We develop a framework for the average-case analysis of random quadratic problems and derive algorithms that are optimal under this analysis. This yields a new class of methods that achieve acceleration given a model of the Hessian's eigenvalue distribution. We develop explicit algorithms for the uniform, Marchenko-Pastur, and exponential distributions. These methods are momentum-based algorithms, whose hyper-parameters can be estimated without knowledge of the Hessian's smallest singular value, in contrast with classical accelerated methods like Nesterov acceleration and Polyak momentum.

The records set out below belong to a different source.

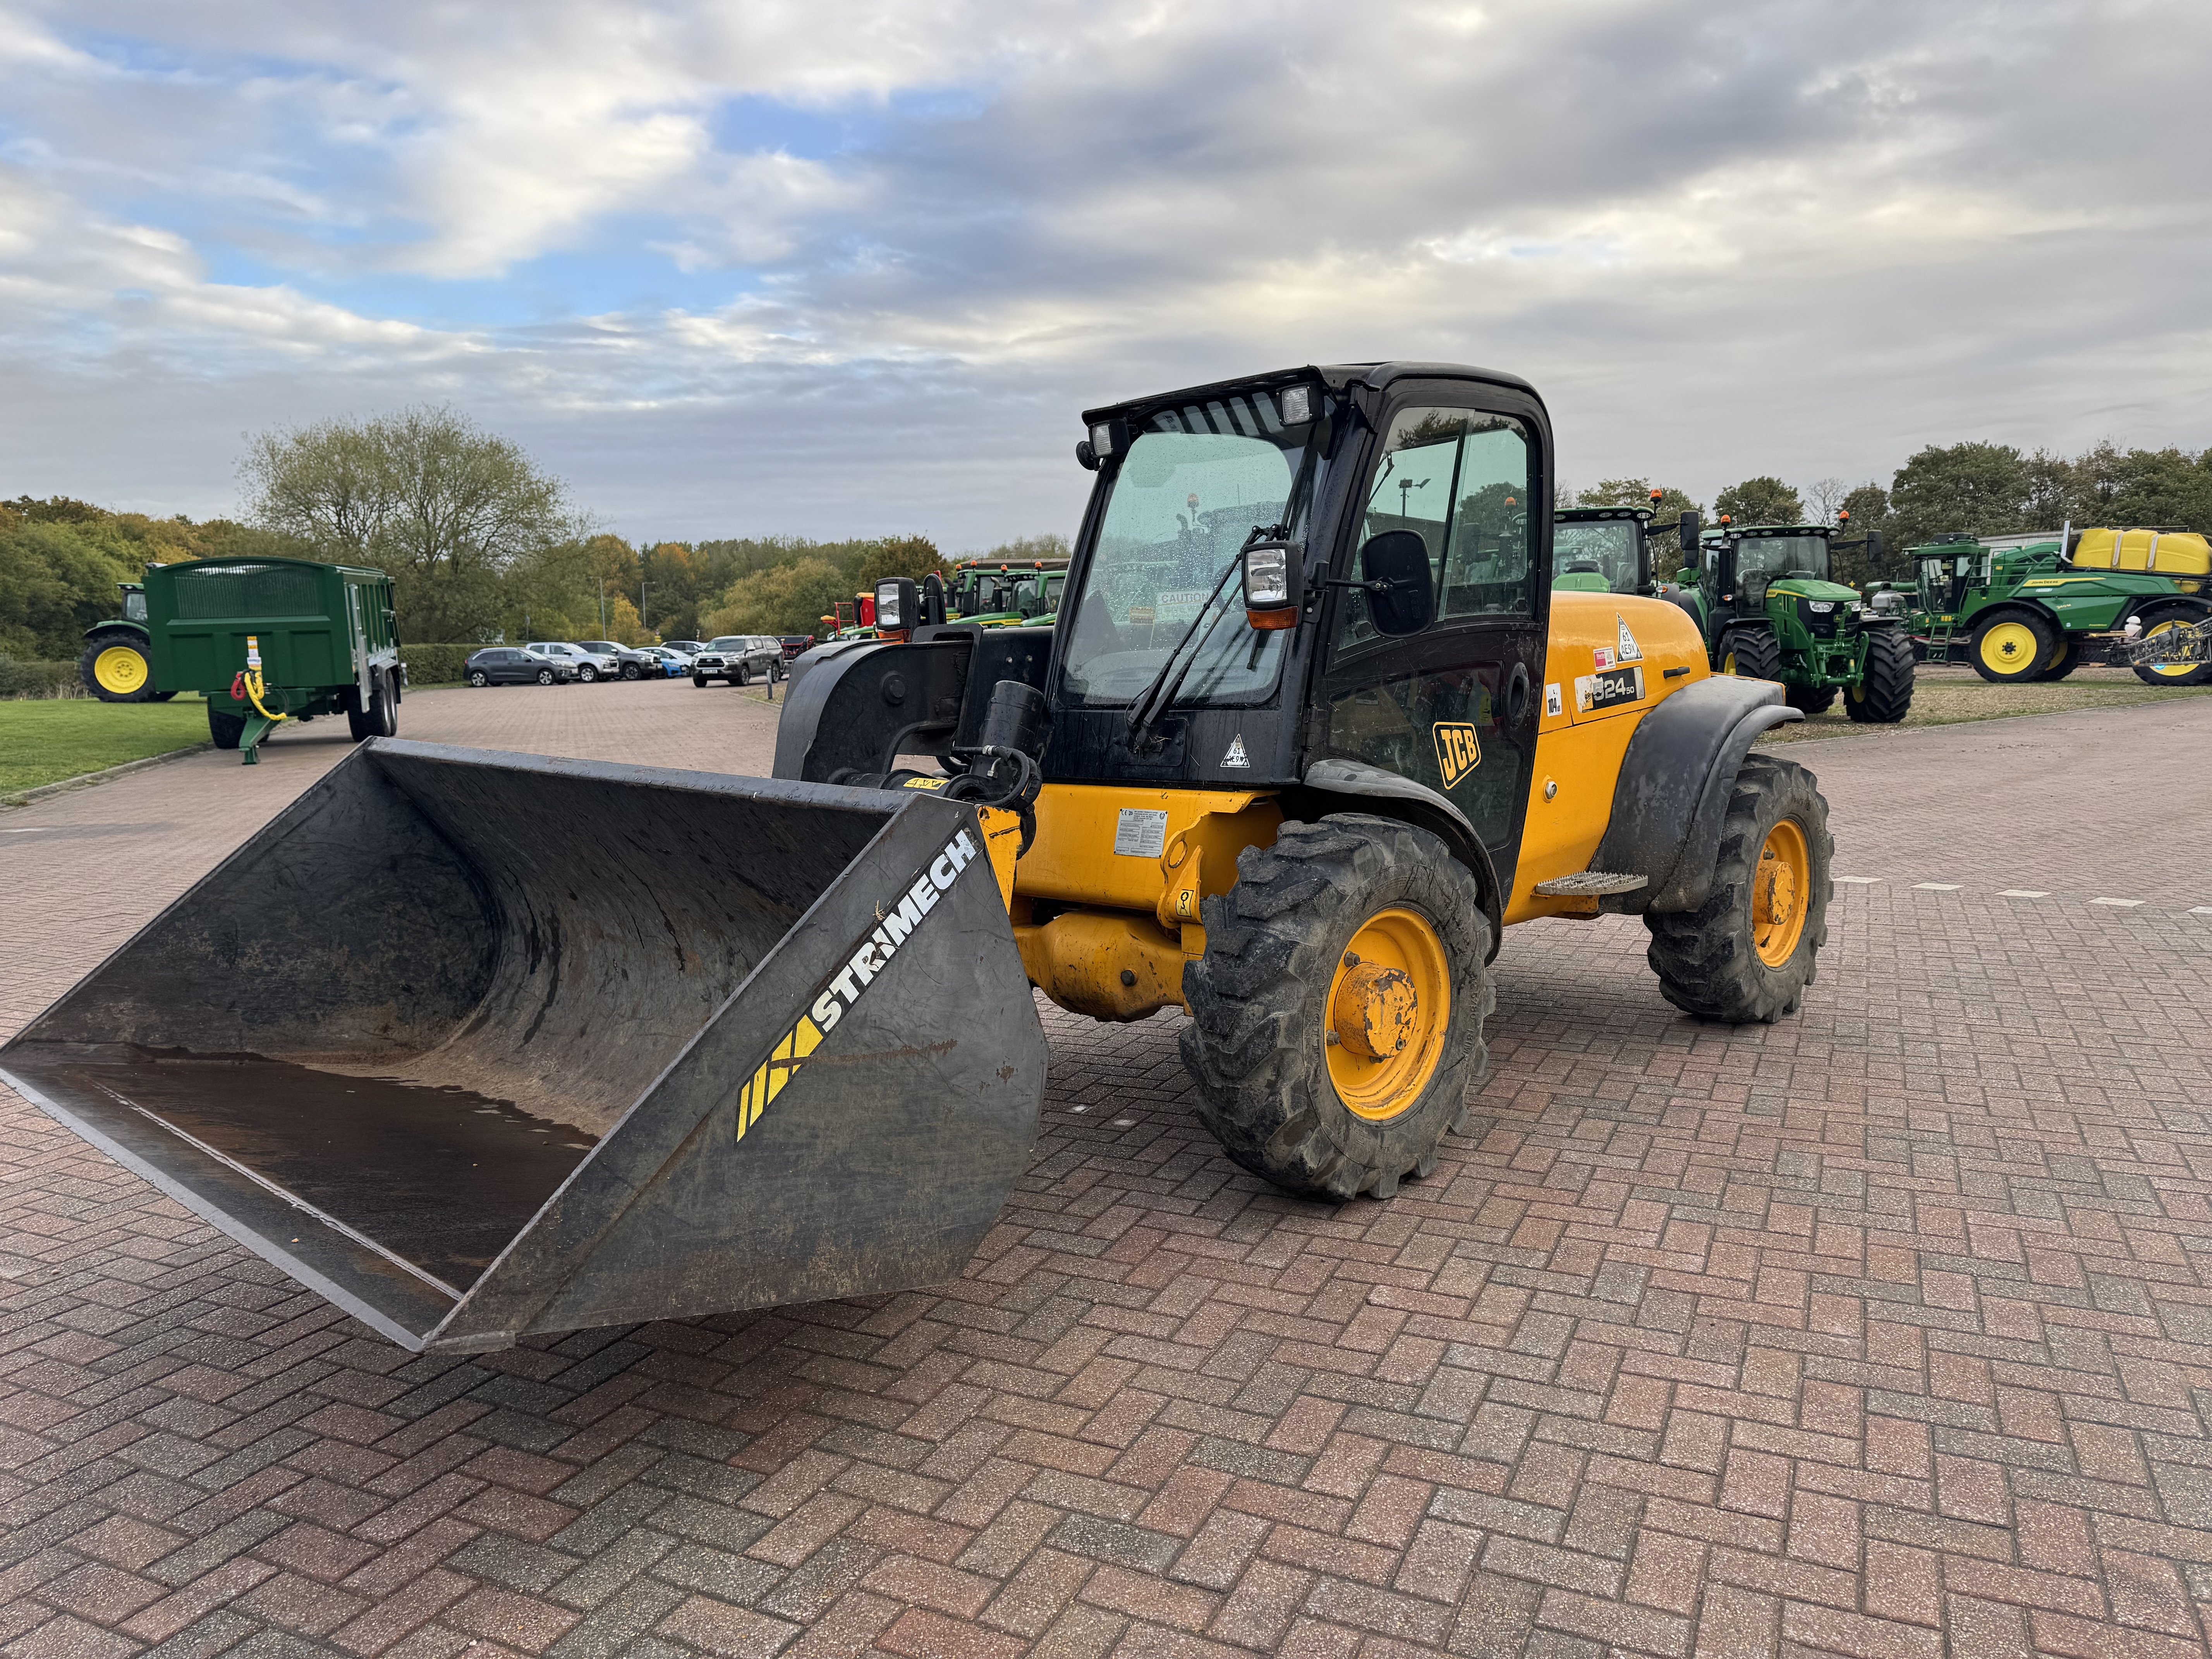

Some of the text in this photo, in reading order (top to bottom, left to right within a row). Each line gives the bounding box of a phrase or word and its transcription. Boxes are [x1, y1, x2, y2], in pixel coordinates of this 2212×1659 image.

[1161, 592, 1209, 603] CAUTION
[1622, 632, 1630, 642] 61
[1621, 643, 1635, 655] AE9X
[1548, 697, 1557, 714] 104
[1440, 729, 1477, 781] JCB
[811, 829, 977, 1032] STRIMECH
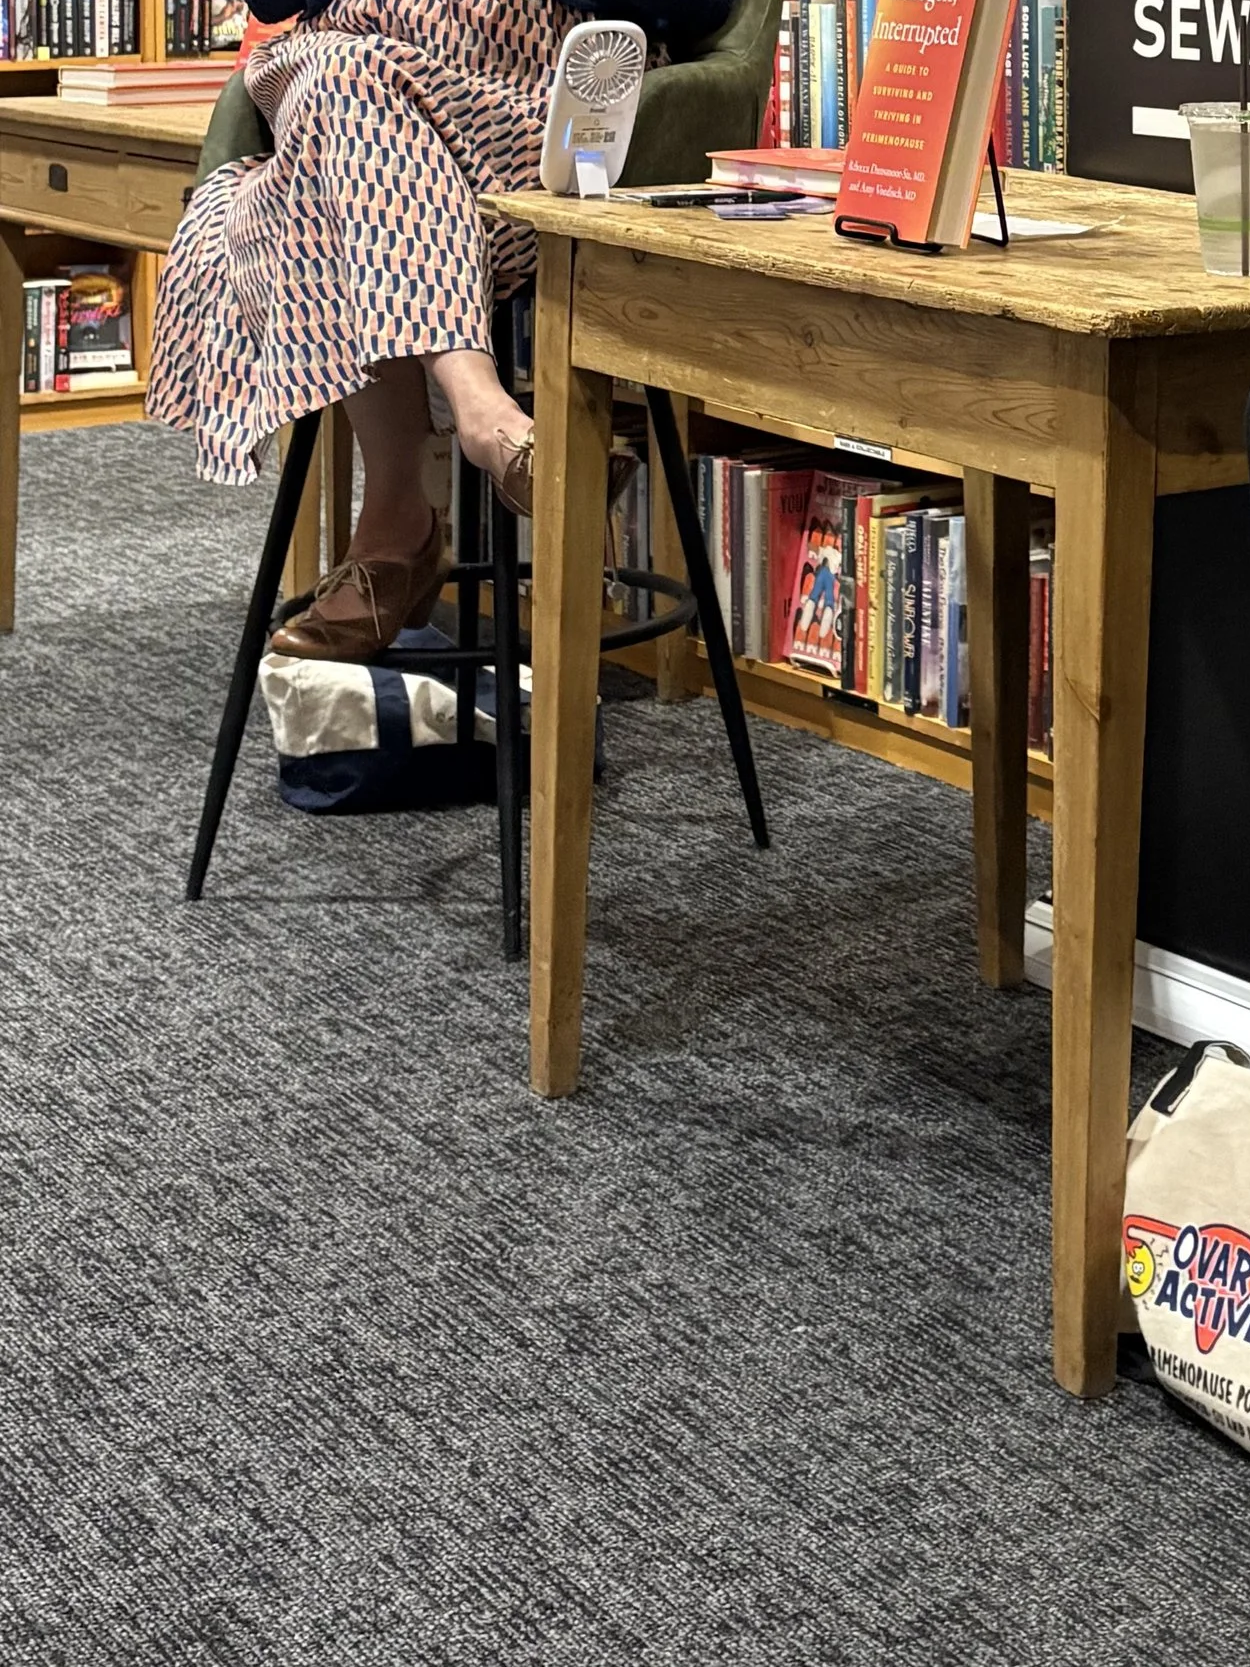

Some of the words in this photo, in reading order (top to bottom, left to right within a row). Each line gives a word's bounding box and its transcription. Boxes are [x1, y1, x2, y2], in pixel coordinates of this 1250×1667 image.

[874, 12, 962, 54] Interrupted
[1021, 5, 1030, 41] SOME
[885, 62, 892, 73] A
[893, 64, 916, 76] GUIDE
[918, 65, 929, 76] TO
[1021, 43, 1030, 79] LUCK
[873, 85, 914, 100] SURVIVING
[916, 89, 933, 102] AND
[1005, 84, 1013, 116] JANE
[1021, 83, 1030, 116] JANE
[874, 109, 911, 124] THRIVING
[913, 113, 922, 125] IN
[861, 132, 925, 151] PERIMENOPAUSE
[1005, 118, 1013, 165] SMILEY
[1021, 119, 1030, 168] SMILEY
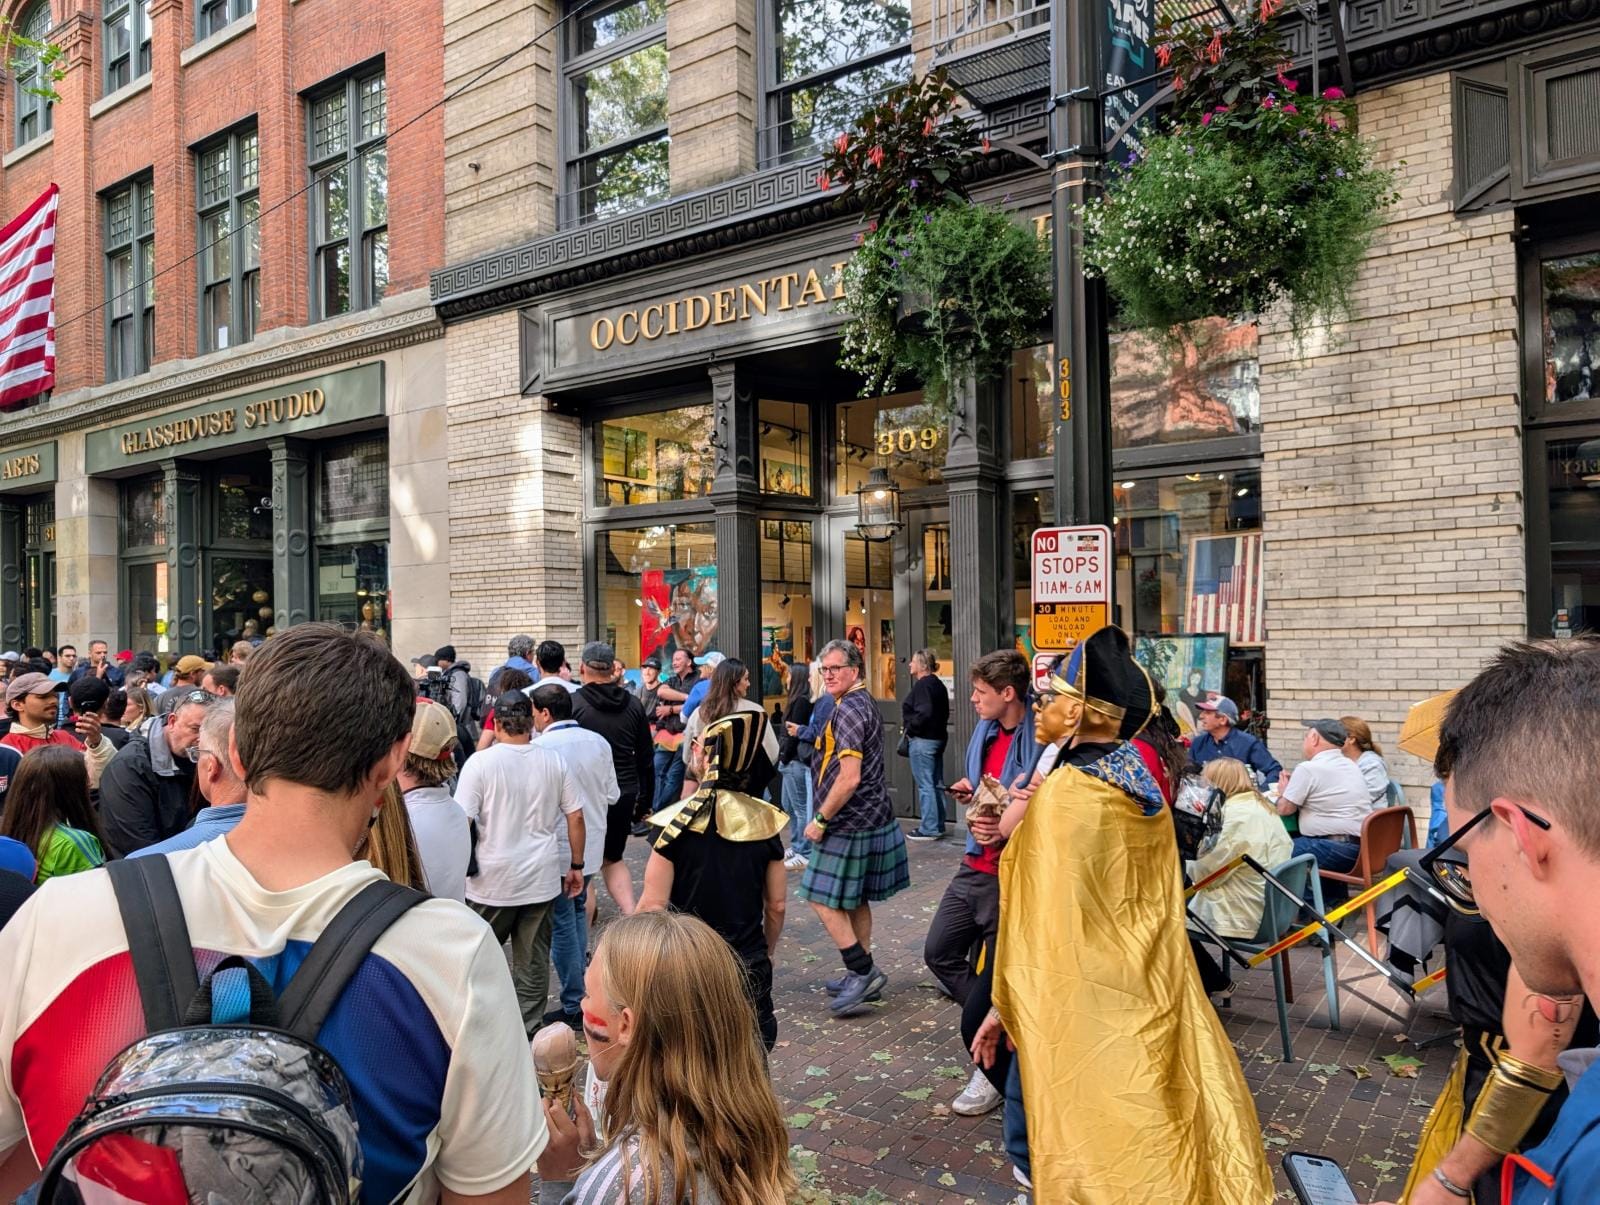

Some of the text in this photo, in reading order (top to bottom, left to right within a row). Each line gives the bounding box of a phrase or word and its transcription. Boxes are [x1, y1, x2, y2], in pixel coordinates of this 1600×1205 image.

[1060, 358, 1070, 420] 303
[120, 387, 325, 455] GLASSHOUSE STUDIO
[878, 426, 937, 455] 309
[2, 453, 40, 480] ARTS
[1037, 537, 1056, 551] NO
[1042, 556, 1099, 575] STOPS
[1040, 580, 1102, 594] 11AM-6AM
[1038, 604, 1095, 614] 30 MINUTE

Through empirical benchmarks on quadratic and logistic regression problems, we identify regimes in which the the proposed methods improve over classical (worst-case) accelerated methods.

翻译：我们开发了随机二次问题平均分析框架, 并得出了根据本分析最理想的算法。 这产生了一种新的方法, 有了赫西安的二元值分布模型, 加速了 。 我们为制服、 Marchenko- Pastur 和指数分布开发了明确的算法 。 这些方法都是基于动力的算法, 在不了解赫西安人最小单值的情况下, 其超参数可以被估计, 与古典加速法( Nesterov 加速法 ) 和 Polyak 动力法( Polyak 动力法) 不同。 通过关于二次回归和物流回归问题的经验基准, 我们找出了拟议方法比古典( 微量) 加速法改进的制度 。